(Dataset entries)
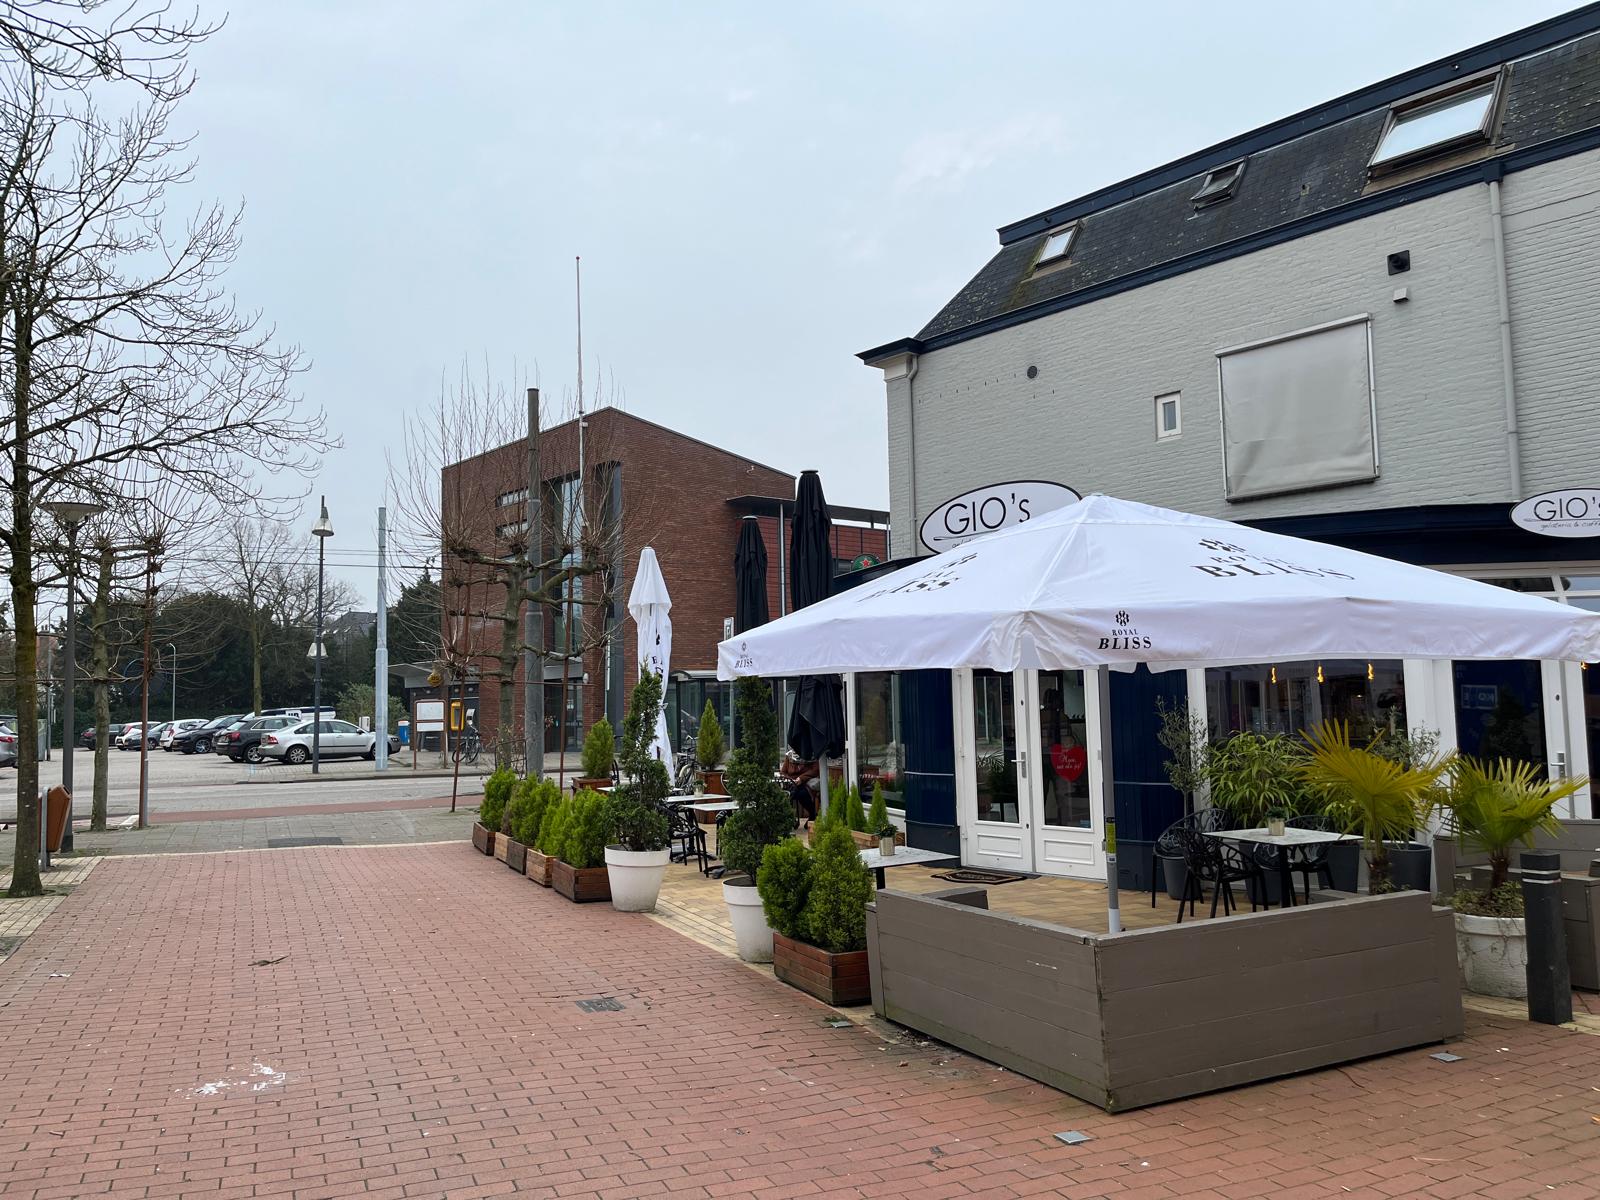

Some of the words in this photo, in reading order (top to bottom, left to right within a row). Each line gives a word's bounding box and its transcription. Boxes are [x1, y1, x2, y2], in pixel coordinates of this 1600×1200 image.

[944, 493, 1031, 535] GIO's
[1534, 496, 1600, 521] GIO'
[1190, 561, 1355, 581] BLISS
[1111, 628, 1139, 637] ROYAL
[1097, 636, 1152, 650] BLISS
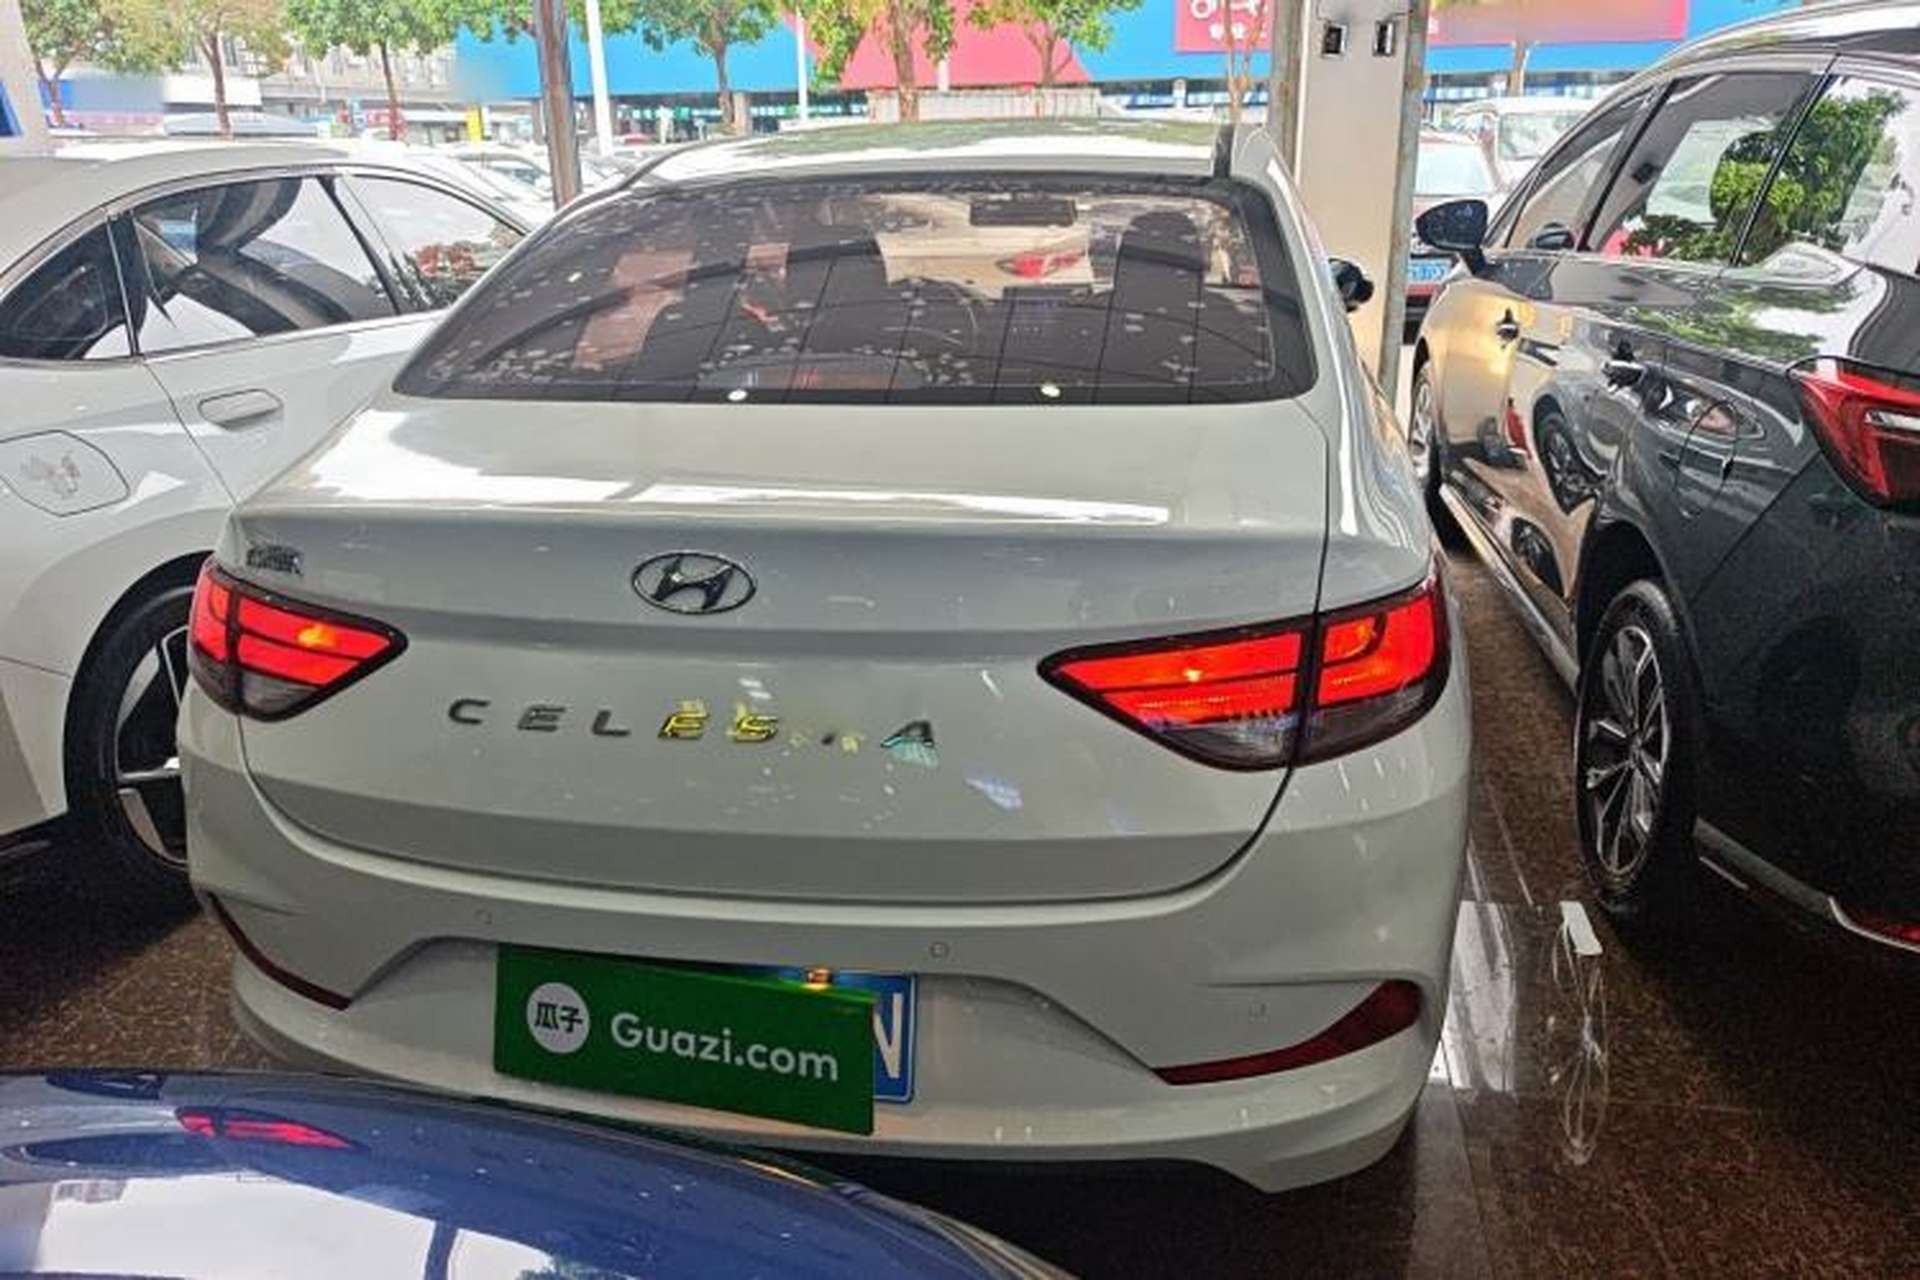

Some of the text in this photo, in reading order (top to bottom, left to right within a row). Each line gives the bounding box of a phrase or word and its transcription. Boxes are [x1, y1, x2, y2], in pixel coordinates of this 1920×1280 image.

→ WHAT NEEDS TO BE DONE
An unchanged copy of the data, images excluded, is all that should be given.

→ RESULT OF THE EXERCISE
Some of the words in this photo, in reading order (top to bottom, left to right within a row). Each line gives a word's bounding box and its transcription. Boxes are [x1, y1, x2, y2], in pixel coordinates of this 1600×1200 image.

[944, 493, 1031, 535] GIO's
[1534, 496, 1600, 521] GIO'
[1190, 561, 1355, 581] BLISS
[1111, 628, 1139, 637] ROYAL
[1097, 636, 1152, 650] BLISS

Some of the text in this photo, in reading order (top to bottom, left to right within a row). Each line gives the bounding box of a phrase or word and its transcription. Boxes are [x1, y1, x2, y2], in pixel coordinates of this 1920×1280 image.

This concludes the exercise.